### Required action
Nothing but the pictures should be dropped when the records are transcribed word for word.

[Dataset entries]
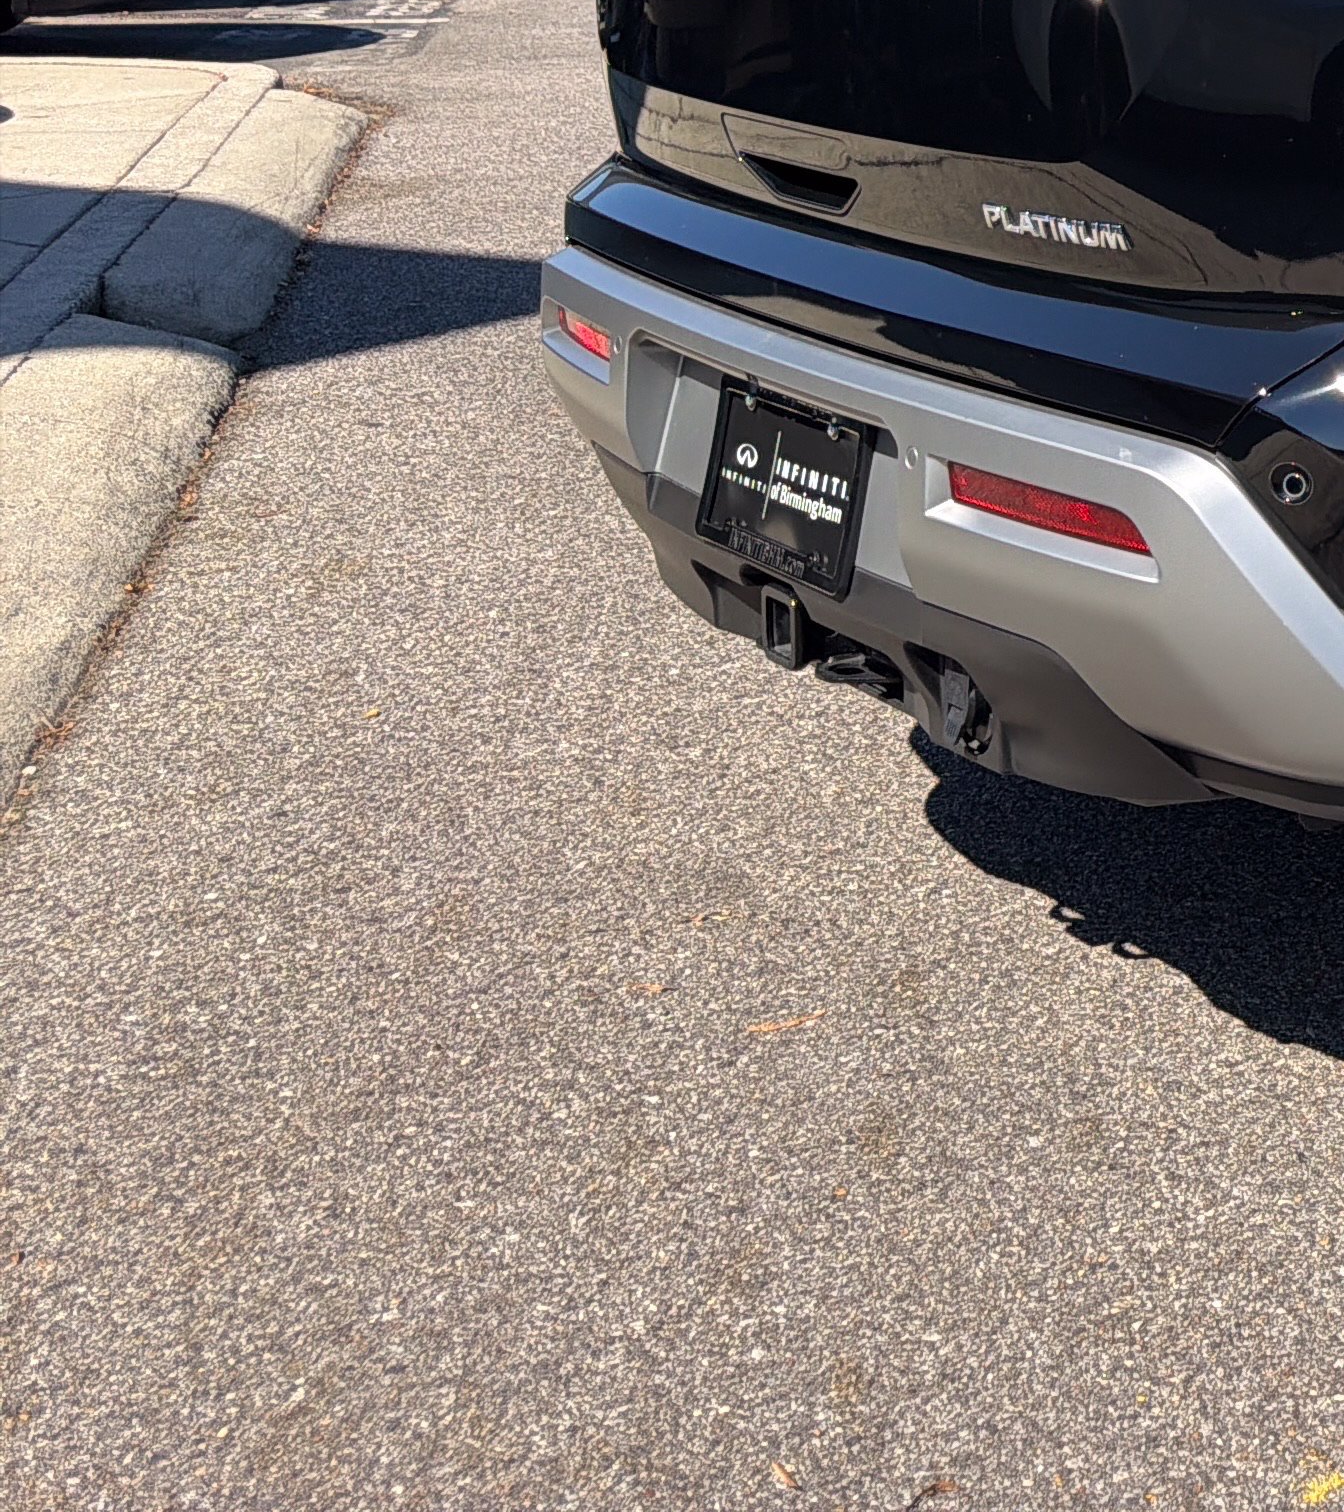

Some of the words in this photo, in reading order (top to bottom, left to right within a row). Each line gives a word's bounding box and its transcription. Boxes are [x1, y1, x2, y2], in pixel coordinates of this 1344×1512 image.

[981, 202, 1132, 252] PLATINUM
[721, 467, 767, 494] INFINITI
[775, 457, 849, 501] INFINITI
[770, 481, 782, 500] of
[779, 485, 843, 524] Birmingham
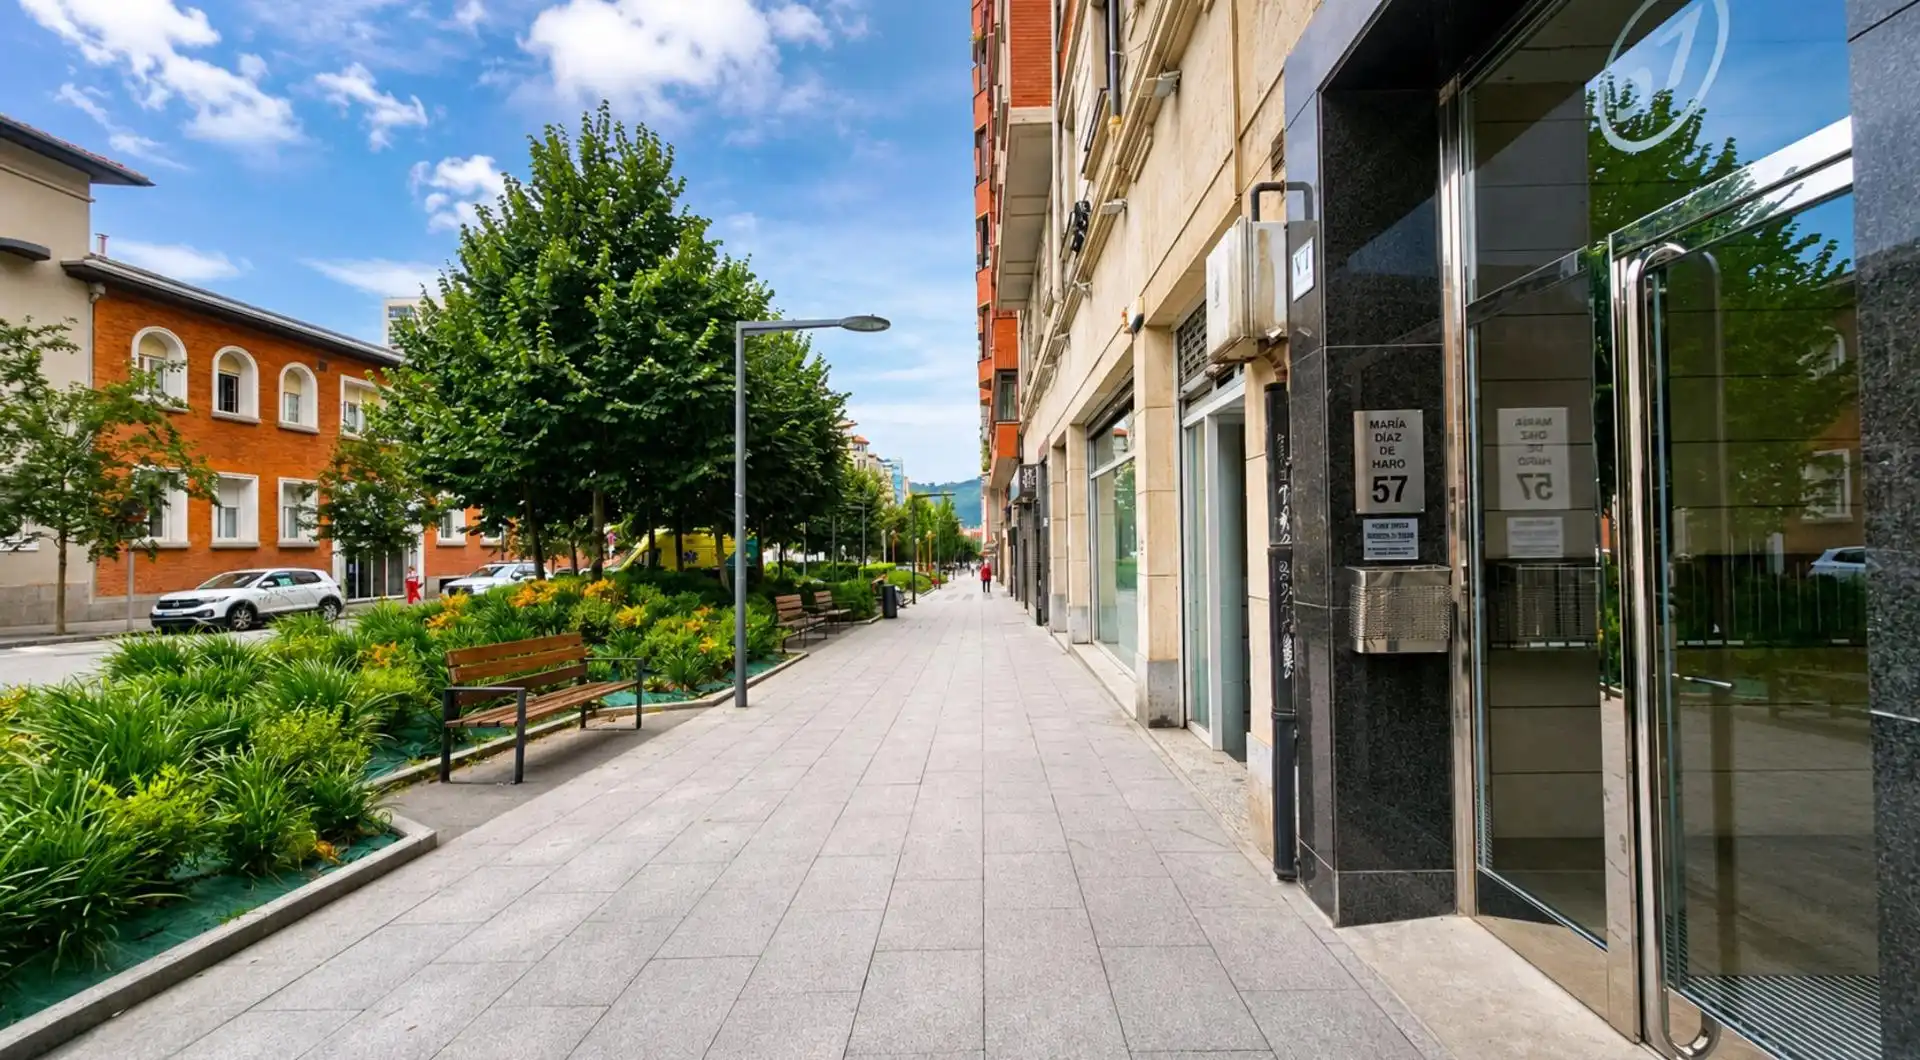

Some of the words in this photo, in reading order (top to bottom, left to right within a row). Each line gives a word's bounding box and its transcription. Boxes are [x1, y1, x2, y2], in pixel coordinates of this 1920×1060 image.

[1369, 417, 1407, 430] MARÍA
[1375, 432, 1402, 443] DÍAZ
[1380, 446, 1396, 456] DE
[1372, 459, 1406, 470] HARO
[1372, 475, 1408, 504] 57

### Expected output
Some of the words in this photo, in reading order (top to bottom, left to right within a row). Each line gives a word's bounding box and its transcription. Boxes are [x1, y1, x2, y2], in pixel coordinates of this 1344×1512 image.

[981, 202, 1132, 252] PLATINUM
[721, 467, 767, 494] INFINITI
[775, 457, 849, 501] INFINITI
[770, 481, 782, 500] of
[779, 485, 843, 524] Birmingham

Some of the words in this photo, in reading order (top to bottom, left to right within a row). Each line gives a word's bounding box and its transcription. Boxes are [x1, y1, x2, y2], in pixel coordinates of this 1920×1060 image.

[1369, 417, 1407, 430] MARÍA
[1375, 432, 1402, 443] DÍAZ
[1380, 446, 1396, 456] DE
[1372, 459, 1406, 470] HARO
[1372, 475, 1408, 504] 57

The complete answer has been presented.